Good information on the way we have voted in the past, how we do it today, and what current trends say about the future.
Rating (5)
Date: 2006-11-02

3 out of 3 customers found this reveiw helpful


This study of the rise of absentee and early voting is quite informative. There is more information here about the numbers of votes cast by traditional, early, and absentee methods in each state than I have ever seen. The author admits that some of this data had to be estimated because not all the states collect the information precisely.

John C. Fortier is a fellow of the American Enterprise Institute and is the principal contributor to the election reform project the AEI has with Brookings. While I have a number of civic, logistical, security, integrity, and timing issues with the large us of voting in anyplace than the traditional voting booth on a single election day, I recognize that my view is in the minority and dwindling at that.

I did live in Australia for two years from 1973-75 and saw their universal vote-by-mail system. There and then, if you were of age you faced a fine if you did not return a signed ballot on time. You could vote for Mickey Mouse, but you had to vote. Of course, theirs is a parliamentary system with most of the focus being on electing the local MPs from among a myriad of parties. There are two big parties there, and in those days both were leftish and really left. But their country is larger than the continental United States with something like one tenth of our population (or less). Going to polling places there is simply not practical because so many voters live in amazingly remote areas.

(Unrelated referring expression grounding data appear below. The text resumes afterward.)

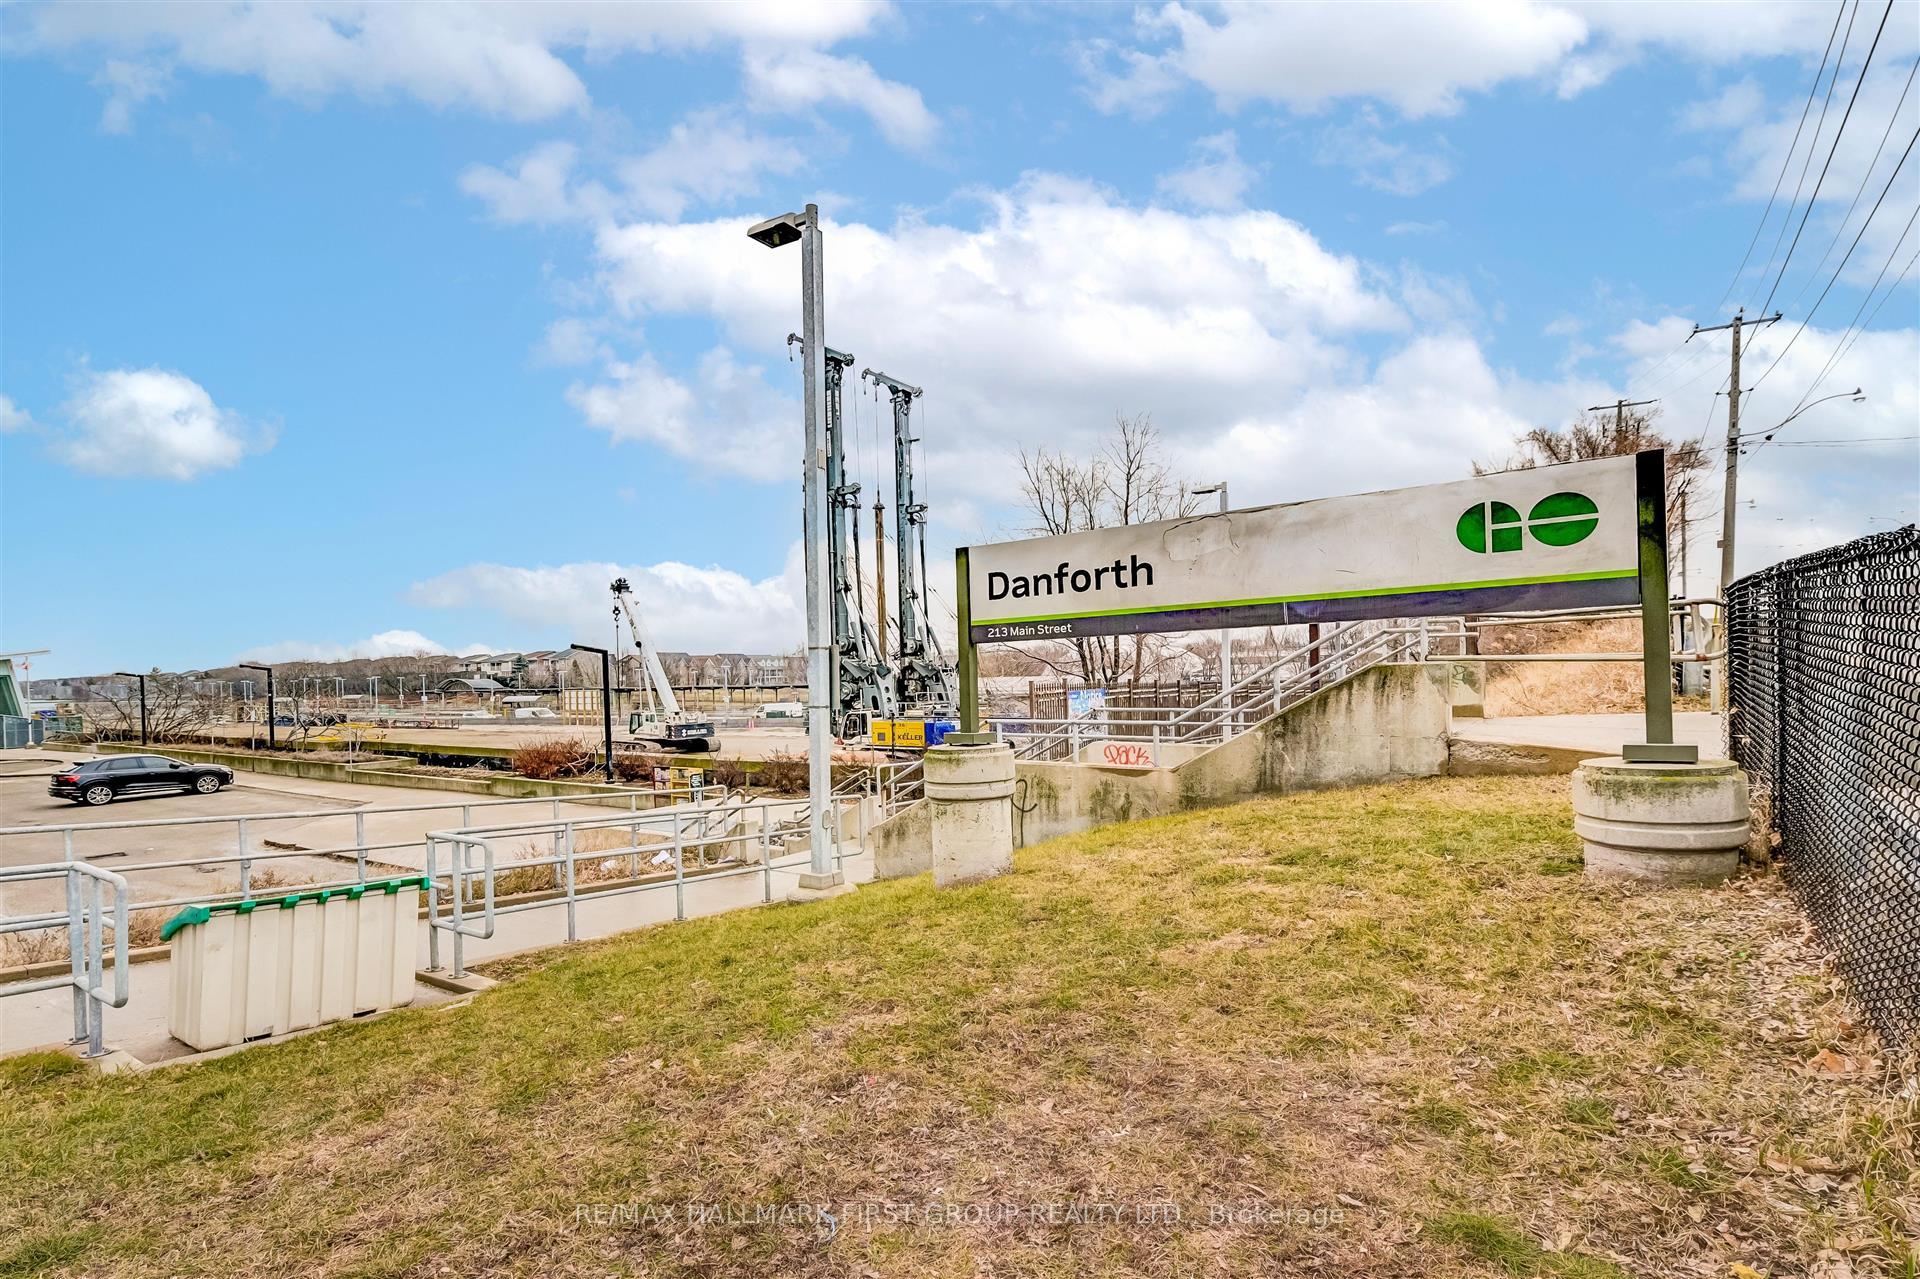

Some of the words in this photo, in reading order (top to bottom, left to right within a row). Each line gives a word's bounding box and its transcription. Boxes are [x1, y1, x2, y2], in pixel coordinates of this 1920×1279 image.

[1457, 492, 1599, 553] GO
[988, 555, 1153, 600] Danforth
[987, 627, 1008, 638] 213
[1010, 625, 1035, 637] Main
[1038, 623, 1073, 635] Street

As the author recounts the history of absentee voting to accommodate soldiers during the Civil War and traveling businessmen, he also notes how small a percentage of the electorate this was. It was more symbolic of enfranchisement and civic duty than anything more than a marginal impact on the number of votes cast.

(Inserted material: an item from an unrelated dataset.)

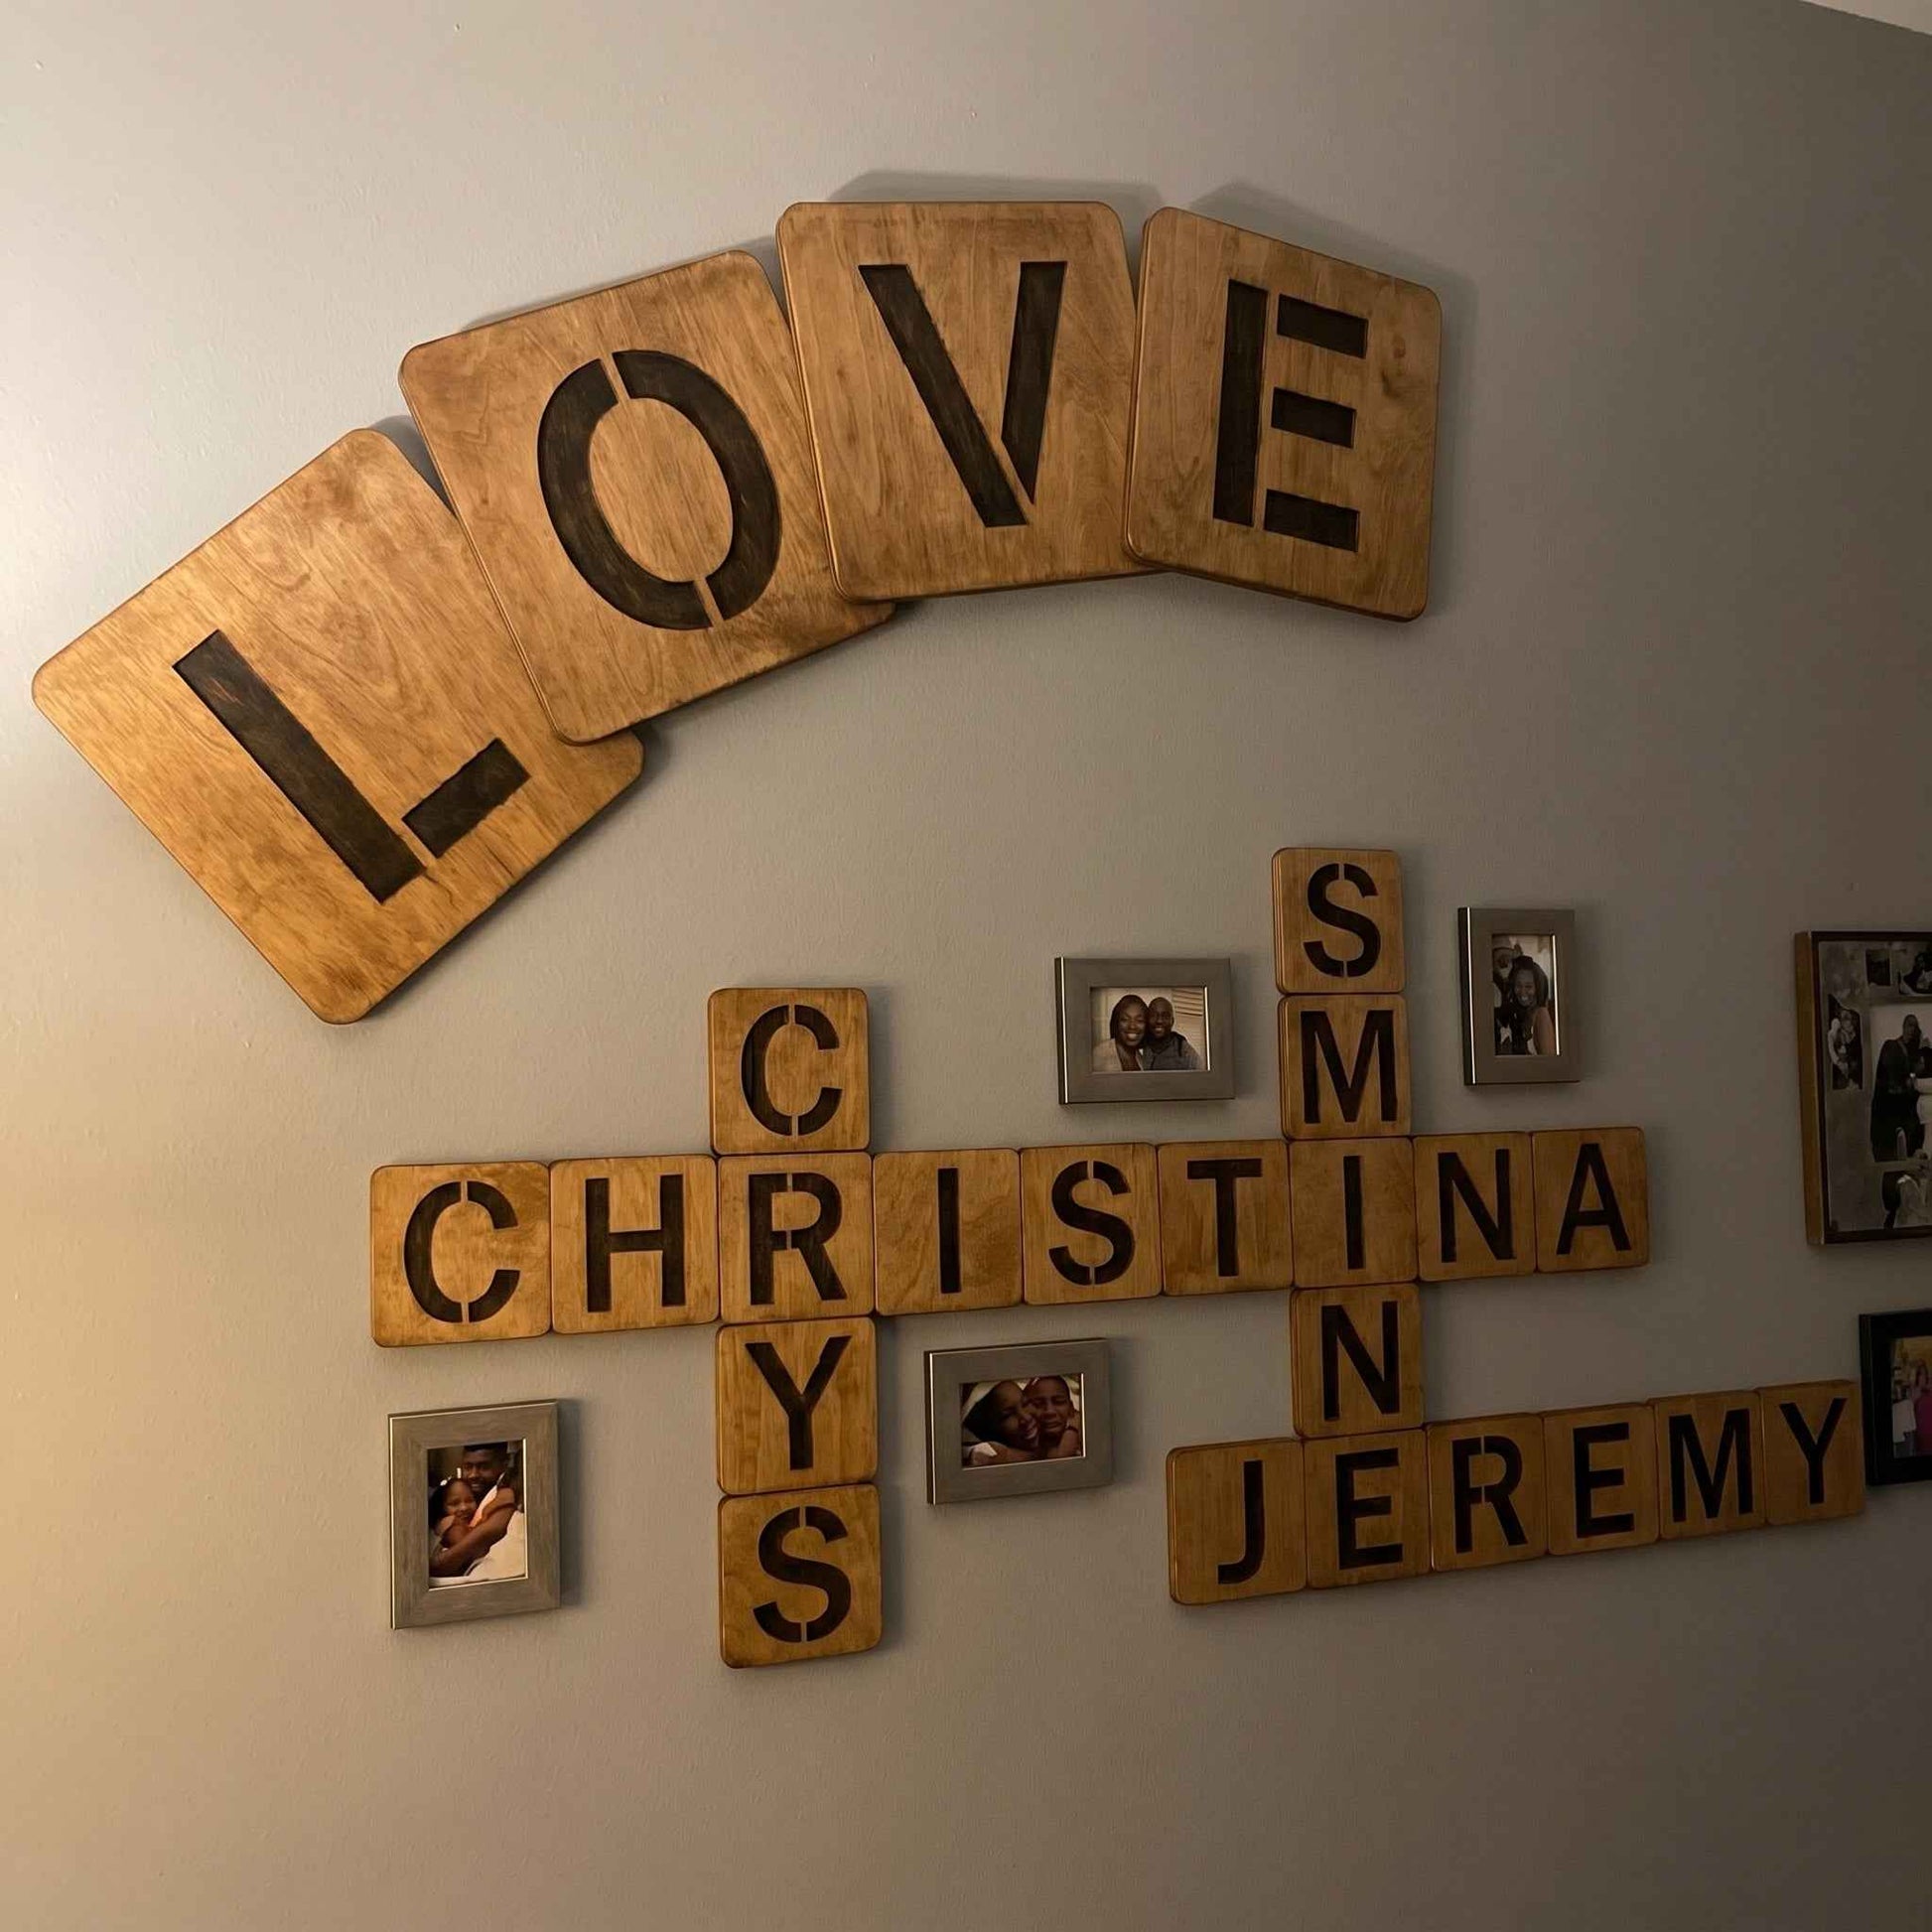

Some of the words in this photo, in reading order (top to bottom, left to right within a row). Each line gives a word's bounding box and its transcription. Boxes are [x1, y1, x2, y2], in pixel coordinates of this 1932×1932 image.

[172, 260, 1369, 904] LOVE
[402, 1142, 1633, 1324] CHRISTINA
[1216, 1397, 1848, 1586] JEREMY

We are then taken through the rise of absentee and early voting. This rapid growth really begins in the 1970s. It first began with the notion that it would expand the participation of more eligible voters, but has proven to be more about convenience than getting new voters. There is some evidence of retaining sometime voters as more regular voters.

However, early voting has proven popular and the percentage of ballots being cast absentee is rising significantly in recent years. Fortier does take us through the pitfalls, but does not provide detailed anecdotes of the problems. He assures us that the problems, while serious to the integrity and confidence of voters in their system, are not significant in number. I am not so sanguine. We have had a great deal of evidence that when third parties get involved in "assisting" in registrations and the handling of ballots that corruption occurs. We get dead people voting, Alzheimer patients voting, and the potential exists in some situations for voting more than once - absentee and at the polling place.

The author offers some general recommendations that emphasize more the early voting, but tightening it up as far as security and in time frame (no more than ten days). For places like Oregon that have gone to 100% voting by mail there is no going back, but there are additional security tools they can add.

This is a good and informative piece. I don't think Fortier goes far enough in exposing the voter fraud that exists today, but I suppose that isn't really the focus of this book.

Recommended to all who are interested in the integrity of our voting process and how it is changing in recent years.